REQUIREMENT
In your copy, include no images and return each entry exactly as written.

__________________________________________________

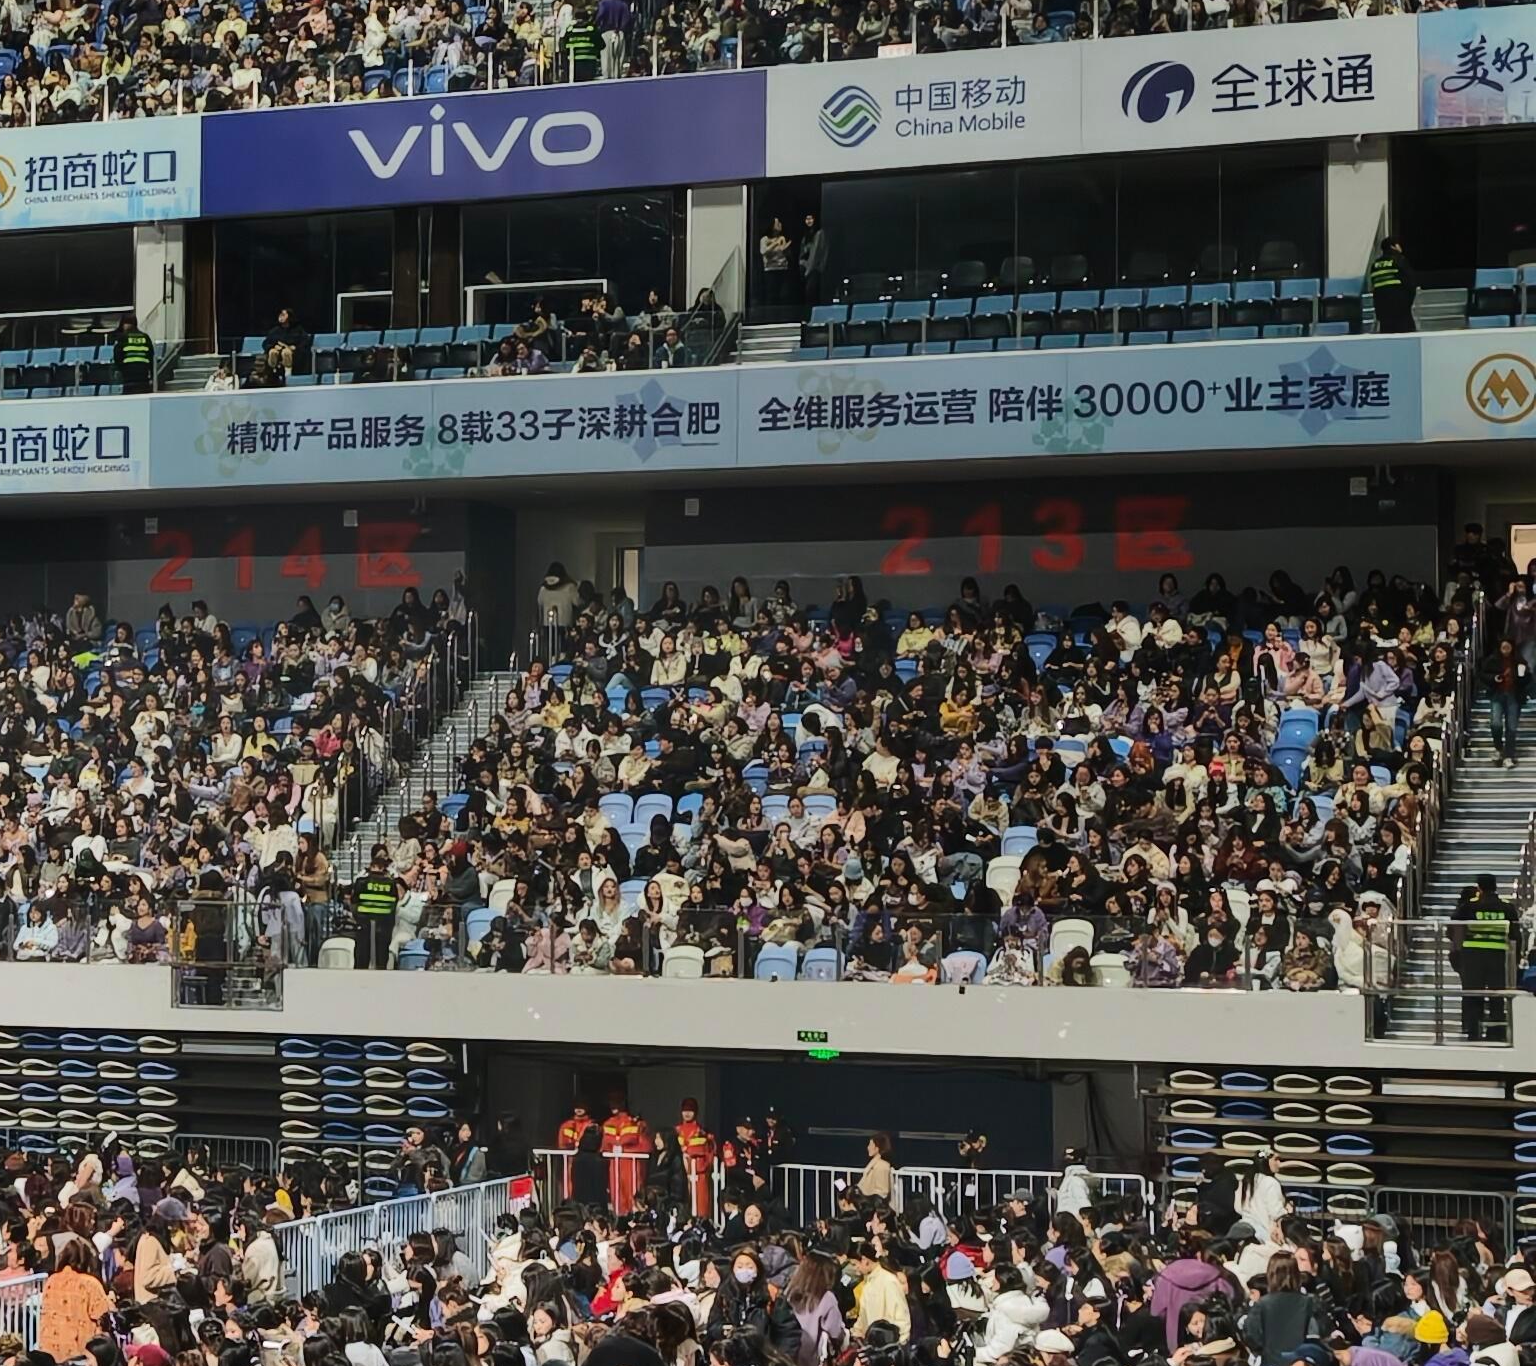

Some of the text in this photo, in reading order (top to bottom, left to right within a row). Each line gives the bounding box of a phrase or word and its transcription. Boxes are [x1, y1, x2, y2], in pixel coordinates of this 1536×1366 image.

[1211, 53, 1375, 113] 全球通
[1441, 34, 1536, 93] 美好
[896, 75, 1025, 114] 中国移动
[348, 103, 604, 179] vivo
[896, 111, 1025, 137] China Mobile
[24, 150, 176, 192] 招商蛇口
[227, 401, 721, 455] 精研产品服务 8载33子深耕合肥
[758, 388, 977, 432] 全维服务运营
[988, 384, 1065, 425] 陪伴
[149, 522, 423, 593] 214区
[880, 494, 1195, 576] 213区

__________________________________________________

ANSWER SECTION
Some of the text in this photo, in reading order (top to bottom, left to right within a row). Each line gives the bounding box of a phrase or word and its transcription. Boxes are [x1, y1, x2, y2], in pixel coordinates of this 1536×1366 image.

[1211, 53, 1375, 113] 全球通
[1441, 34, 1536, 93] 美好
[896, 75, 1025, 114] 中国移动
[348, 103, 604, 179] vivo
[896, 111, 1025, 137] China Mobile
[24, 150, 176, 192] 招商蛇口
[227, 401, 721, 455] 精研产品服务 8载33子深耕合肥
[758, 388, 977, 432] 全维服务运营
[988, 384, 1065, 425] 陪伴
[149, 522, 423, 593] 214区
[880, 494, 1195, 576] 213区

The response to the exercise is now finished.